Exercise aim
Every line of the material below should be output exactly as written, with the images skipped.

*****

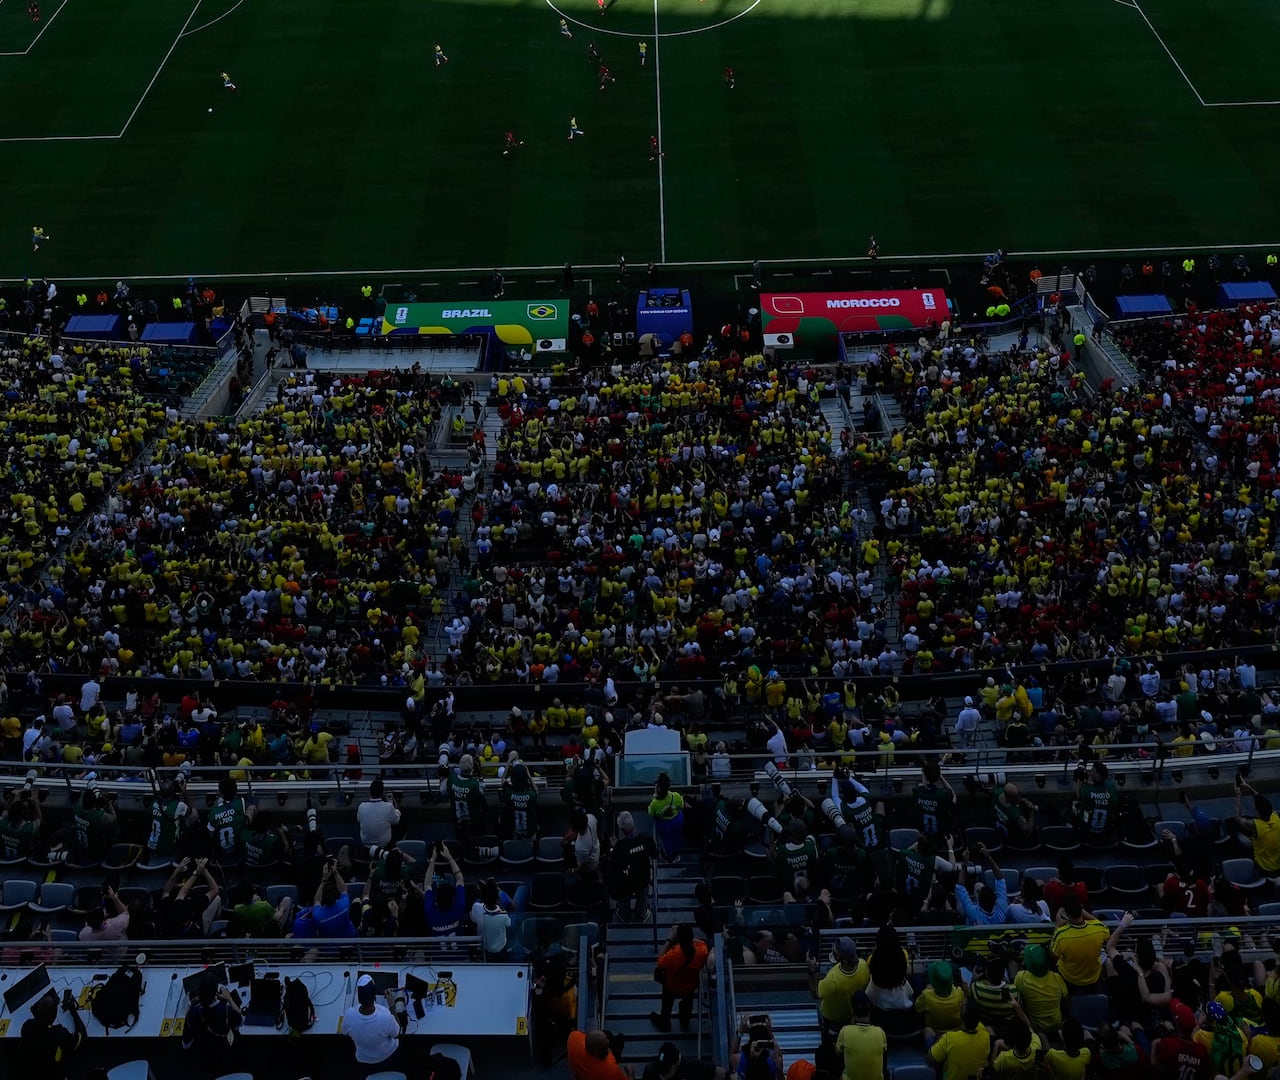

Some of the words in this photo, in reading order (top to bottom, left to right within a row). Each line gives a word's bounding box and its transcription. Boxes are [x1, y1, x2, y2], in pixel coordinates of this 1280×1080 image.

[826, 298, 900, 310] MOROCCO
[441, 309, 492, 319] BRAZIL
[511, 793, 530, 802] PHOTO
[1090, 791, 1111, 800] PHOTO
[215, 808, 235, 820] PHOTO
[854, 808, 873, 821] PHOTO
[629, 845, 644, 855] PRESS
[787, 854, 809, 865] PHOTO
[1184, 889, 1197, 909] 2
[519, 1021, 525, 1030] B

*****

Solution for this exercise
Some of the words in this photo, in reading order (top to bottom, left to right within a row). Each line gives a word's bounding box and its transcription. Boxes are [x1, y1, x2, y2], in pixel coordinates of this 1280×1080 image.

[826, 298, 900, 310] MOROCCO
[441, 309, 492, 319] BRAZIL
[511, 793, 530, 802] PHOTO
[1090, 791, 1111, 800] PHOTO
[215, 808, 235, 820] PHOTO
[854, 808, 873, 821] PHOTO
[629, 845, 644, 855] PRESS
[787, 854, 809, 865] PHOTO
[1184, 889, 1197, 909] 2
[519, 1021, 525, 1030] B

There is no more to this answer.